As I understand it all outputs are then added together / averaged into one vector. That should make the model ”hard” permutation invariant.
Most actual implementations use a position encoding, though, which breaks permutation invariance. This is a good inductive bias... word order matters, for example.
Sure. But it would be very weird to use a position embedding here, when the whole point is permutation invariance.
I must not understand what transformers are. I thought they were a type of RNN where order of input matters?
Any suggestions on how to learn about transformers? Or a few sentences to get me started on the right path?
yes, there are a bunch of permutation invariant operations - such as sum, max and pairwise interactions
Reinforcement learning agents typically perform poorly if provided with inputs that were not clearly defined in training.

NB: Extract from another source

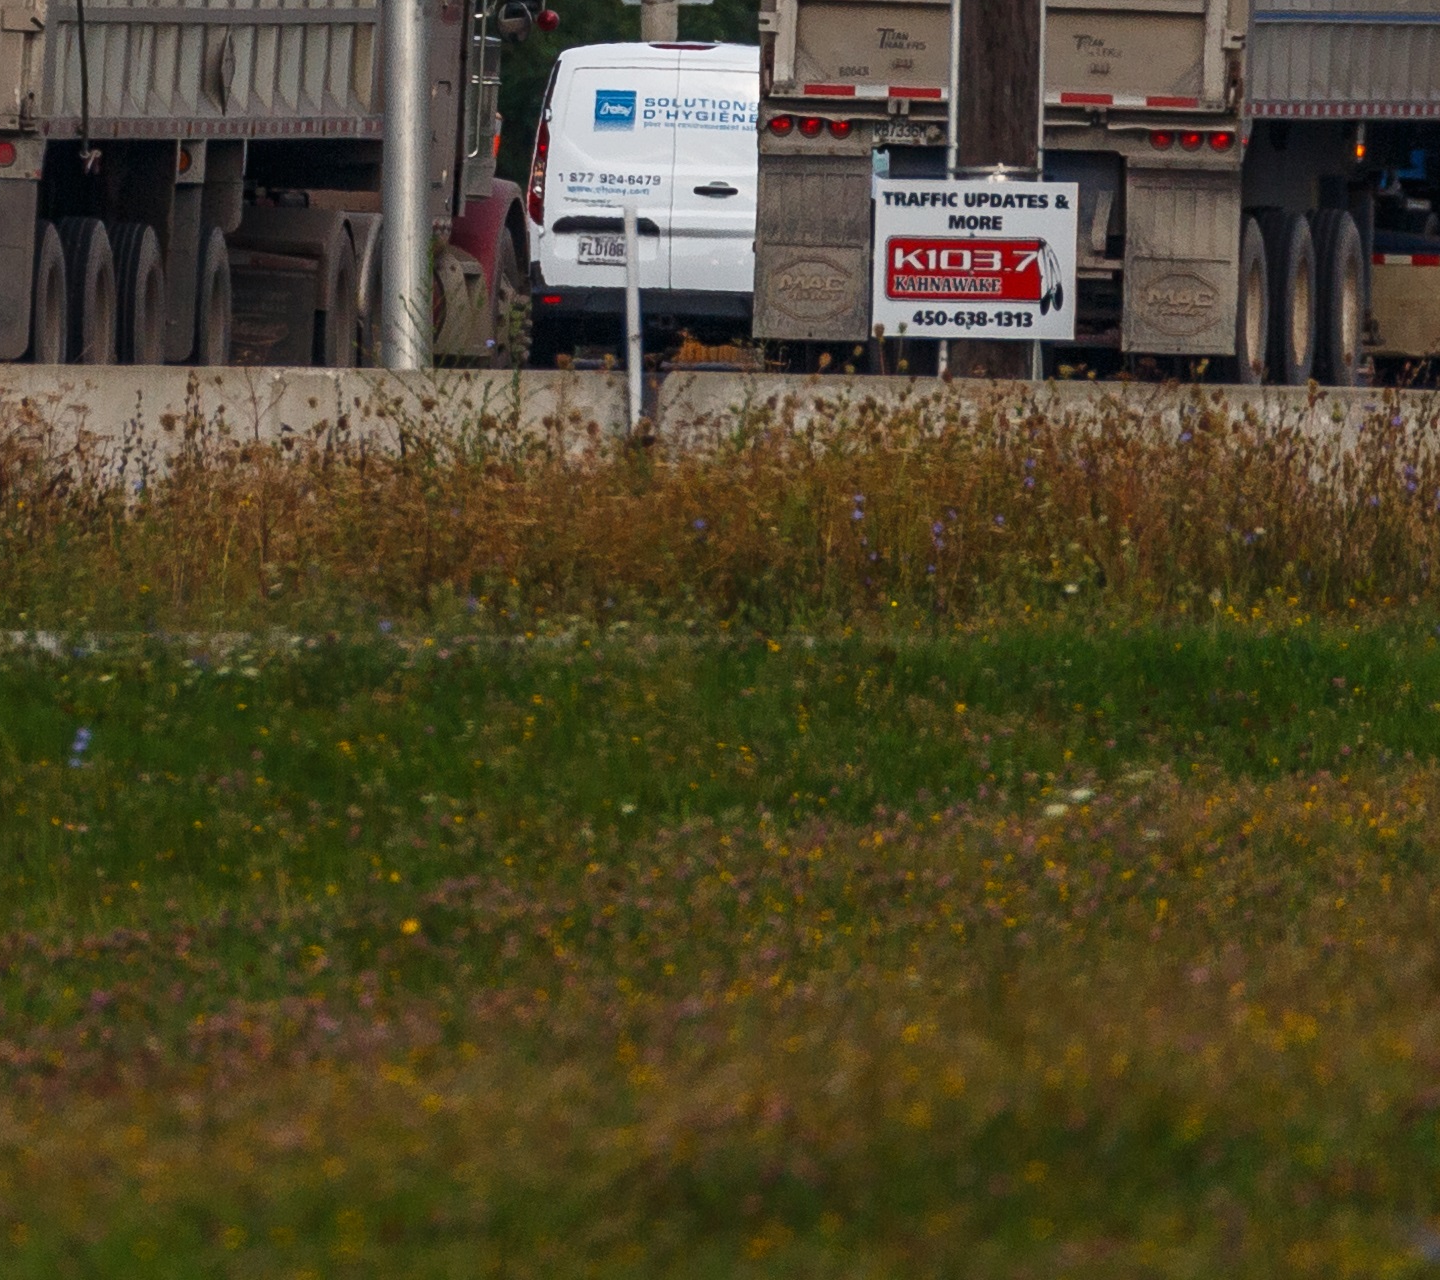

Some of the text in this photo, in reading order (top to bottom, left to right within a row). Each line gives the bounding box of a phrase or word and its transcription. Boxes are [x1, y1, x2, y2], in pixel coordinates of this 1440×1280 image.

A new approach enables RL agents to perform well, even when subject to corrupt, incomplete, or shuffled inputs.
I am not a specialist in NN and the article doesn’t even mention it, but shouldn’t input dropout and input corruption help with this?

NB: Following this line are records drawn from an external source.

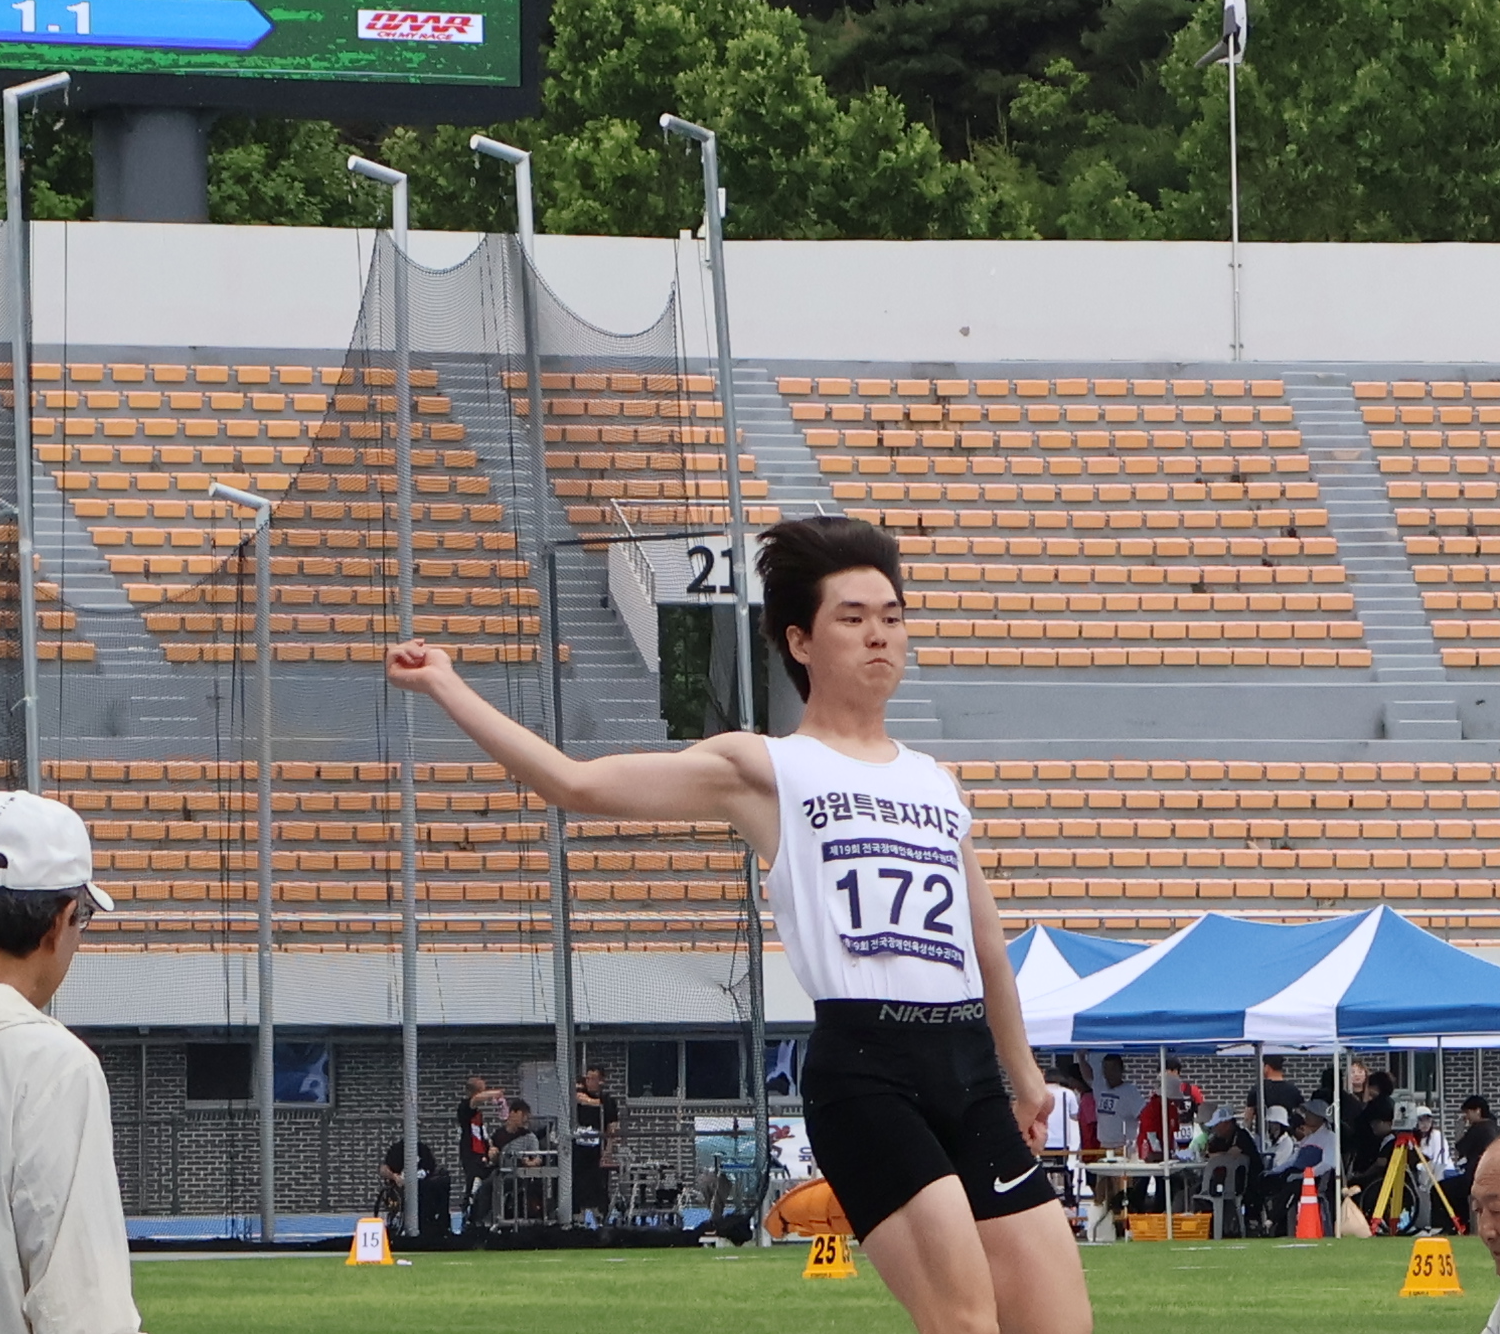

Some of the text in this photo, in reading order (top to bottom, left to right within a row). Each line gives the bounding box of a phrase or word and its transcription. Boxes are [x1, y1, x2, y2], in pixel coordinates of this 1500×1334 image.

[376, 30, 454, 41] OH MY RACE
[686, 545, 736, 593] 21
[802, 792, 960, 842] 강원특별자치도
[835, 868, 954, 936] 172
[878, 1002, 985, 1024] NIKE PRO
[362, 1232, 380, 1248] 15
[813, 1236, 836, 1265] 25
[1412, 1254, 1453, 1277] 35 35

From a description in the referenced NeurIPs spotlight paper (
https://attentionneuron.github.io
)
> While it is possible to acquire a quasi-PI agent by training with randomly shuffled observations and hope the agent’s policy network has enough capacity to memorize all the patterns, we aim for a design that achieves true PI even if the agent is trained with fix-ordered observations.

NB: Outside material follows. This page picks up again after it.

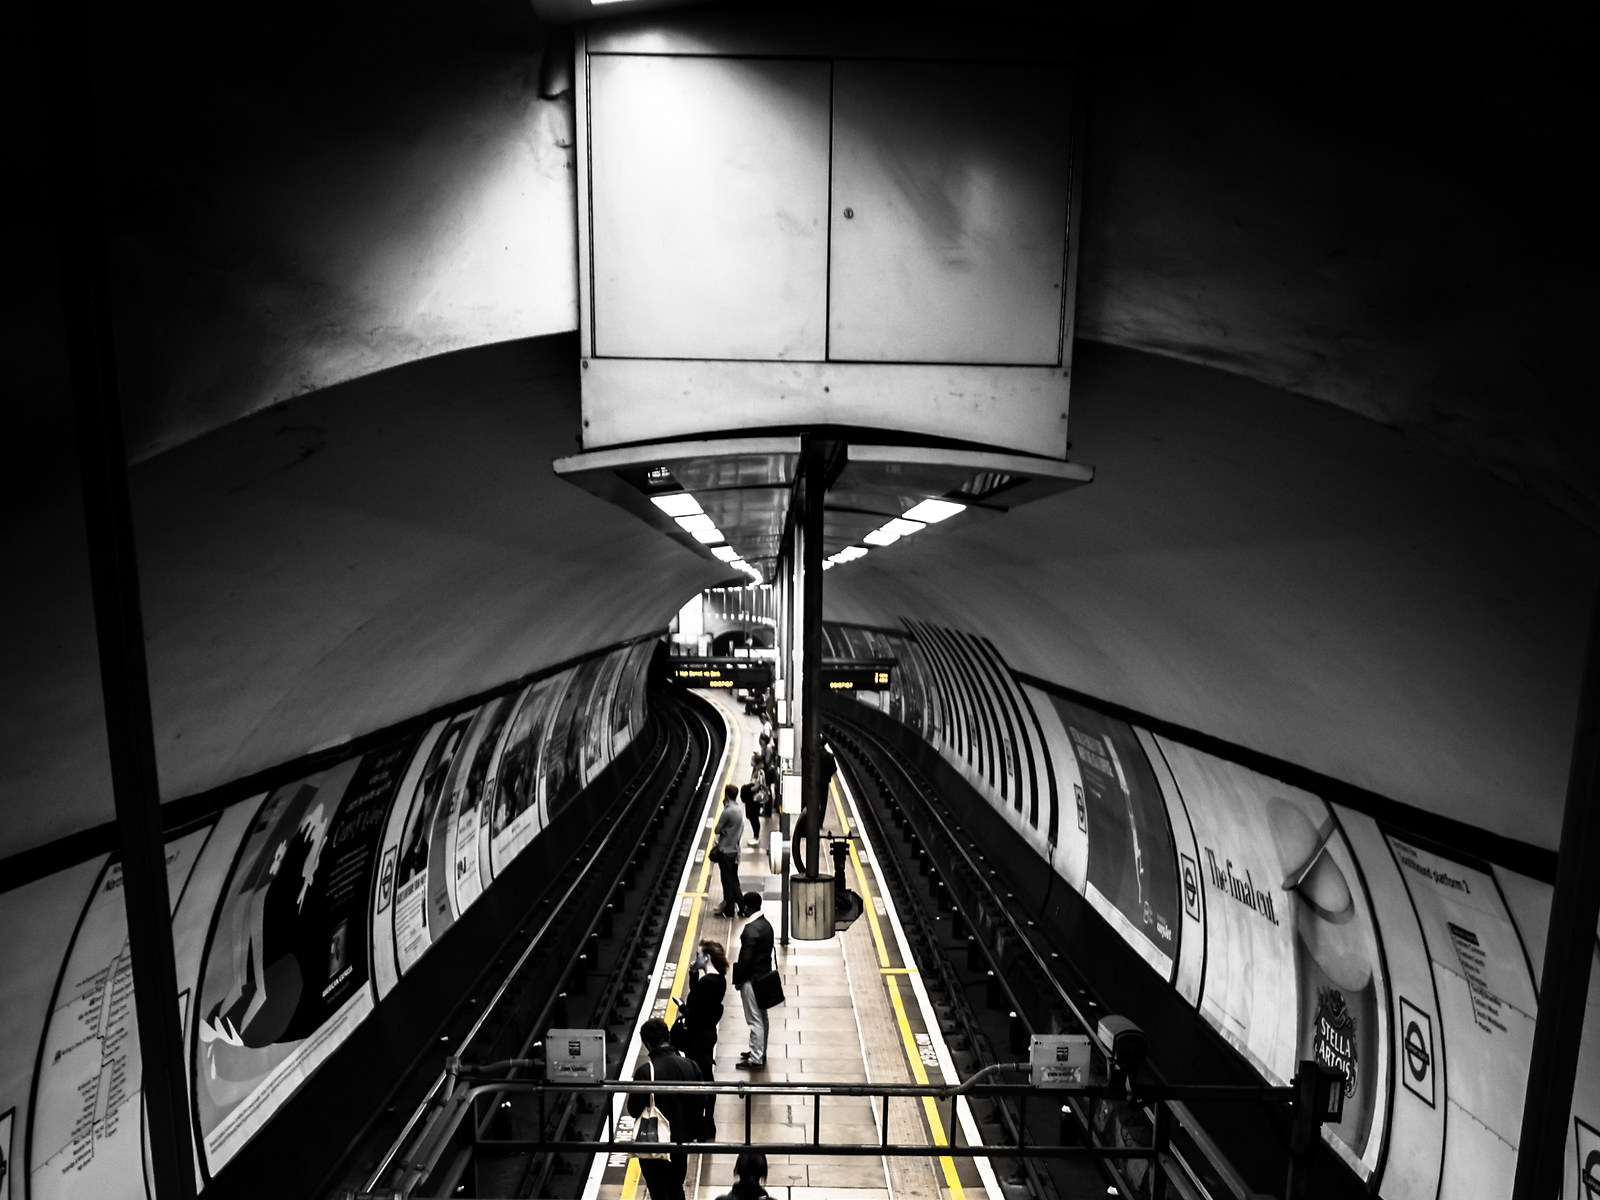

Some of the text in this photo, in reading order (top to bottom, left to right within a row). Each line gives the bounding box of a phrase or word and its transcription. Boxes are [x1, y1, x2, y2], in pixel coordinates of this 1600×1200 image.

[1205, 846, 1279, 926] The final cut.
[1321, 1017, 1351, 1058] STELLA

Two minute papers did a quick overview of this paper last month:
I'm not sure I agree with the "not human like" angle on this one. Is this not what our brain and visual system is doing all the time? I look at a glass of water on a table. I perceive the same glass whether I'm looking at it directly, towards the side of it, from my periphery, or even closing my eyes. Which input neurons are directly perceiving the glass actually changes drastically between these states, indeed even while just looking at it straight on your eyes imperceptibly twitch to intentionally introduce jitter in order to pick up more detail (this is called "saccades"). Include other senses and the number of ways that you can perceive something explodes combinatorially. Yet I perceive the glass as a single permanent object nearly the same in all of those scenarios despite the fact that my perception of it is varying rapidly -- this is so automatic and ingrained that you don't even conceptualize it as something that you do unless you pay attention.
That's what makes this cool and VERY human-like. Just because our visual system isn't set up to handle this particular type of reshuffling problem doesn't mean that we don't constantly have to handle the reshuffling of inputs to maintain a coherent view of reality.
Yup, you can use it to input letters and numbers.